With the pictures removed, write out the full listing below exactly.

━━ SOURCE MATERIAL

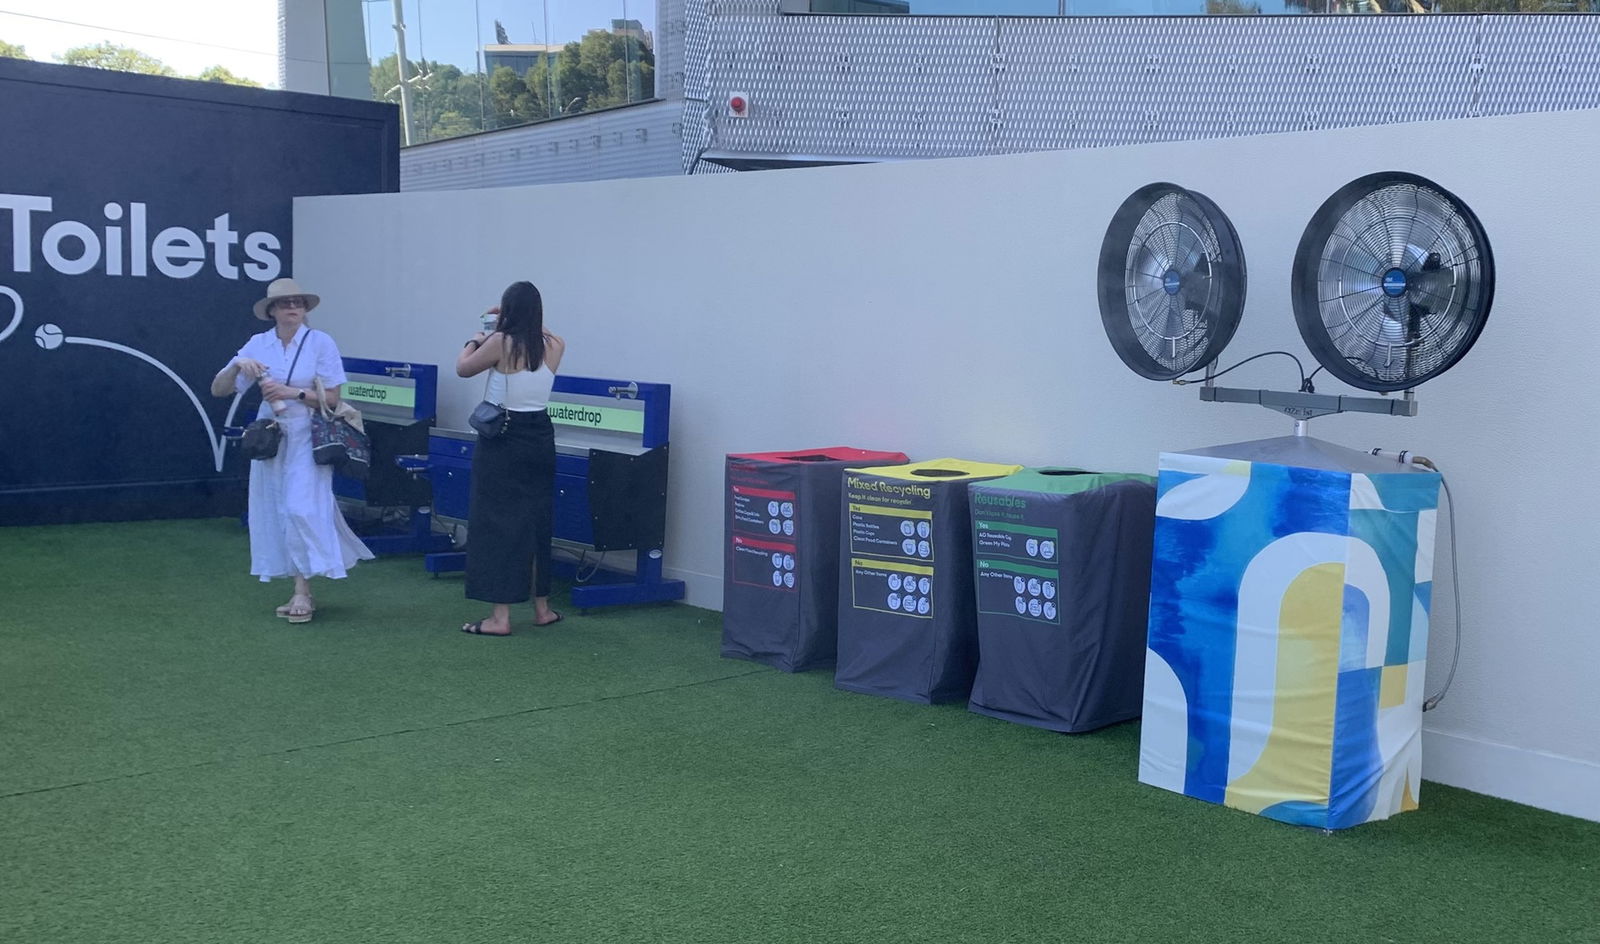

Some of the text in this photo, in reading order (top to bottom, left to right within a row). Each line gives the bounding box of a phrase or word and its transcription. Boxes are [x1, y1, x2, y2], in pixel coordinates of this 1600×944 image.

[0, 193, 281, 282] Toilets
[348, 385, 387, 401] waterdrop
[549, 406, 602, 426] waterdrop
[847, 476, 931, 499] Mixed Recycling
[848, 492, 860, 501] Keep
[974, 492, 1026, 509] Reusables
[980, 560, 990, 568] No

━━━━

• OUTPUT FOR THIS EXERCISE
Some of the text in this photo, in reading order (top to bottom, left to right within a row). Each line gives the bounding box of a phrase or word and its transcription. Boxes are [x1, y1, x2, y2], in pixel coordinates of this 1600×944 image.

[0, 193, 281, 282] Toilets
[348, 385, 387, 401] waterdrop
[549, 406, 602, 426] waterdrop
[847, 476, 931, 499] Mixed Recycling
[848, 492, 860, 501] Keep
[974, 492, 1026, 509] Reusables
[980, 560, 990, 568] No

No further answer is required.